↓
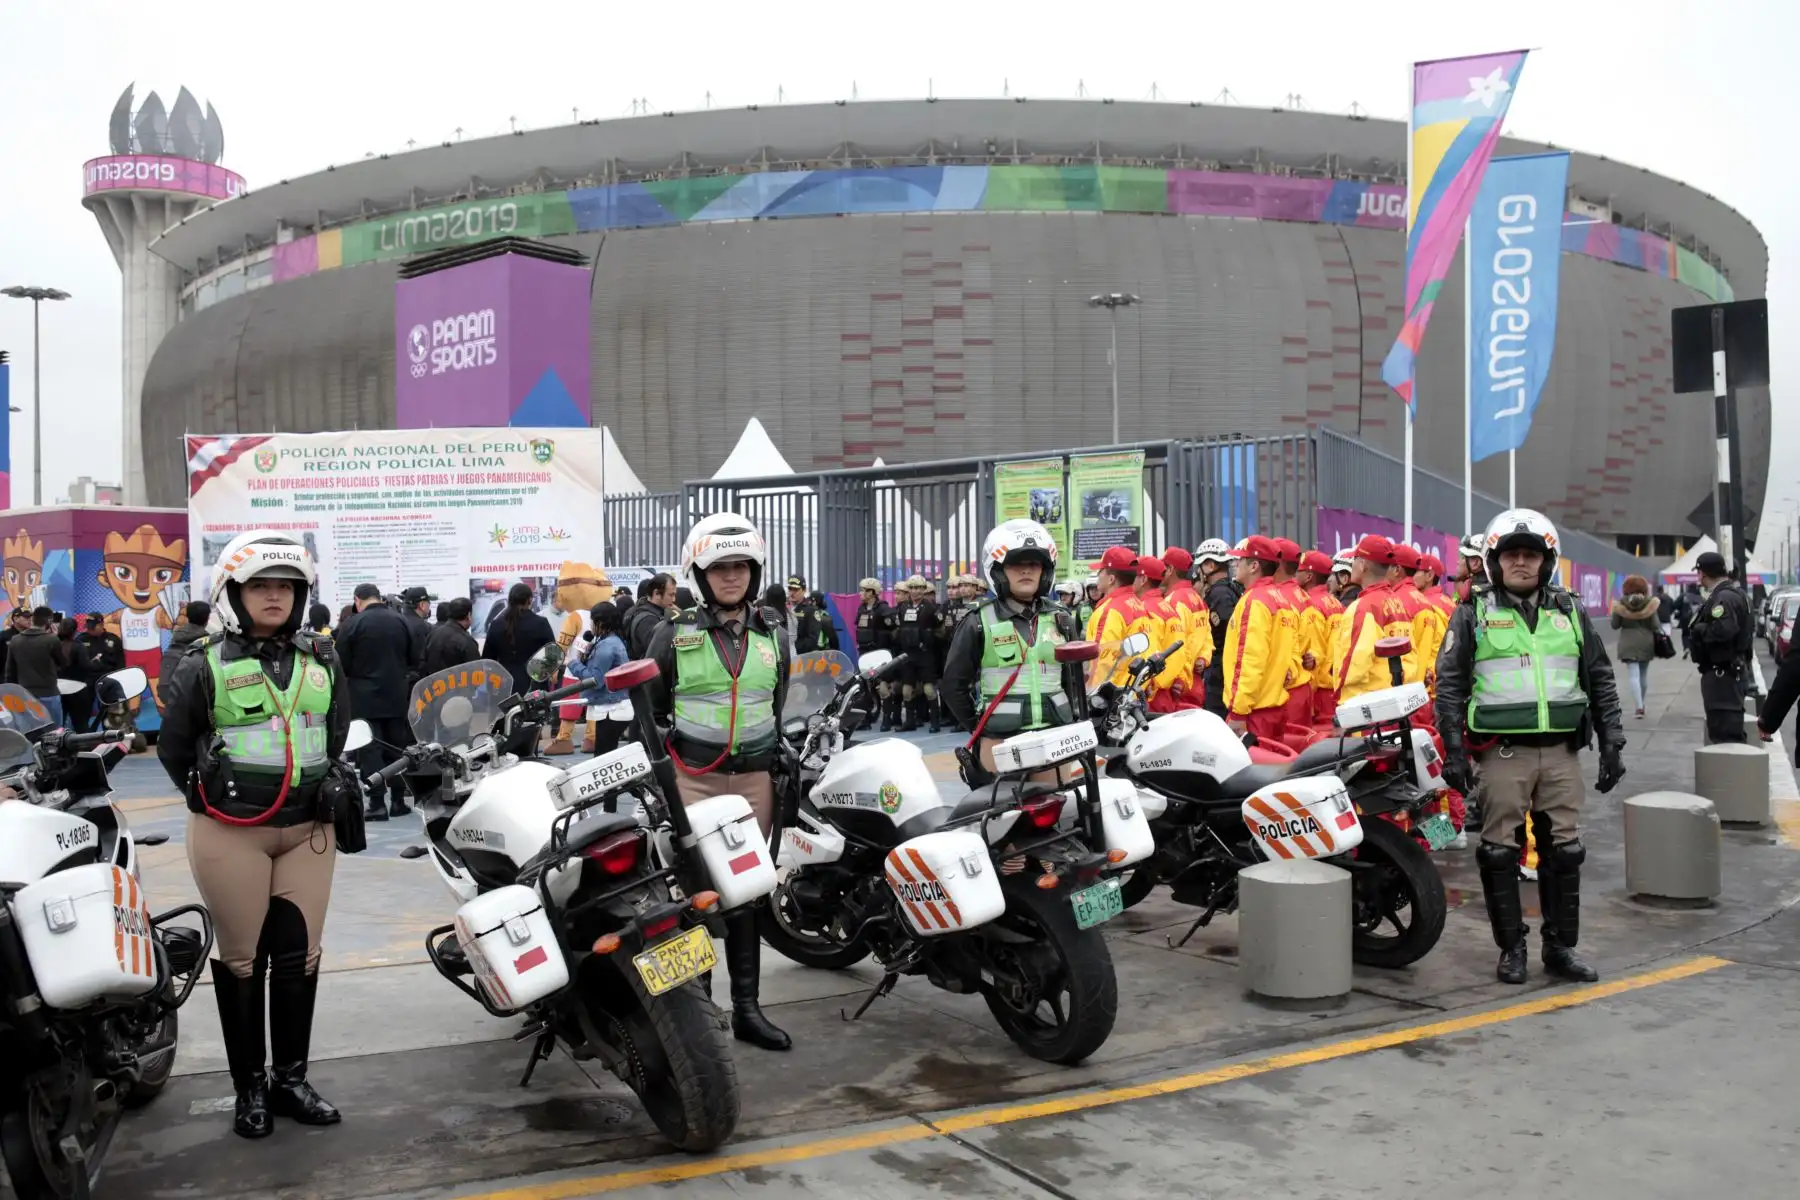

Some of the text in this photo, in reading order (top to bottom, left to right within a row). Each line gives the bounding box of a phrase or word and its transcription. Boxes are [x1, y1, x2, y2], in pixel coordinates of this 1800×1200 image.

[432, 308, 495, 346] PANAM
[431, 336, 497, 375] SPORTS
[280, 442, 528, 459] POLICIA NACIONAL DEL PERU
[303, 456, 505, 472] REGION POLICIAL LIMA
[247, 478, 267, 490] PLAN
[269, 478, 278, 490] DE
[280, 477, 334, 490] OPERACIONES
[336, 476, 380, 488] POLICIALES
[417, 473, 449, 486] PATRIAS
[450, 474, 455, 484] Y
[456, 473, 485, 485] JUEGOS
[487, 472, 552, 484] PANAMERICANOS
[512, 534, 540, 544] 2019
[716, 539, 750, 549] POLICIA
[262, 551, 302, 562] POLICIA
[470, 564, 515, 573] UNIDADES
[126, 628, 149, 638] 2019
[1051, 738, 1094, 758] PAPELETAS
[1060, 735, 1080, 747] FOTO
[592, 761, 623, 780] FOTO
[1140, 758, 1172, 769] PL-18349
[579, 763, 646, 795] PAPELETAS
[821, 792, 854, 805] PL-18273
[55, 823, 91, 851] PL-18365
[1258, 816, 1320, 841] POLICIA
[898, 881, 947, 902] POLICIA
[659, 941, 685, 960] PNP
↑
_What to do_.
Go through the listing above and retype it exactly, skipping every picture.

_Solution_.
Some of the text in this photo, in reading order (top to bottom, left to right within a row). Each line gives the bounding box of a phrase or word and its transcription. Boxes are [x1, y1, x2, y2], in pixel coordinates of this 1800×1200 image.

[432, 308, 495, 346] PANAM
[431, 336, 497, 375] SPORTS
[280, 442, 528, 459] POLICIA NACIONAL DEL PERU
[303, 456, 505, 472] REGION POLICIAL LIMA
[247, 478, 267, 490] PLAN
[269, 478, 278, 490] DE
[280, 477, 334, 490] OPERACIONES
[336, 476, 380, 488] POLICIALES
[417, 473, 449, 486] PATRIAS
[450, 474, 455, 484] Y
[456, 473, 485, 485] JUEGOS
[487, 472, 552, 484] PANAMERICANOS
[512, 534, 540, 544] 2019
[716, 539, 750, 549] POLICIA
[262, 551, 302, 562] POLICIA
[470, 564, 515, 573] UNIDADES
[126, 628, 149, 638] 2019
[1051, 738, 1094, 758] PAPELETAS
[1060, 735, 1080, 747] FOTO
[592, 761, 623, 780] FOTO
[1140, 758, 1172, 769] PL-18349
[579, 763, 646, 795] PAPELETAS
[821, 792, 854, 805] PL-18273
[55, 823, 91, 851] PL-18365
[1258, 816, 1320, 841] POLICIA
[898, 881, 947, 902] POLICIA
[659, 941, 685, 960] PNP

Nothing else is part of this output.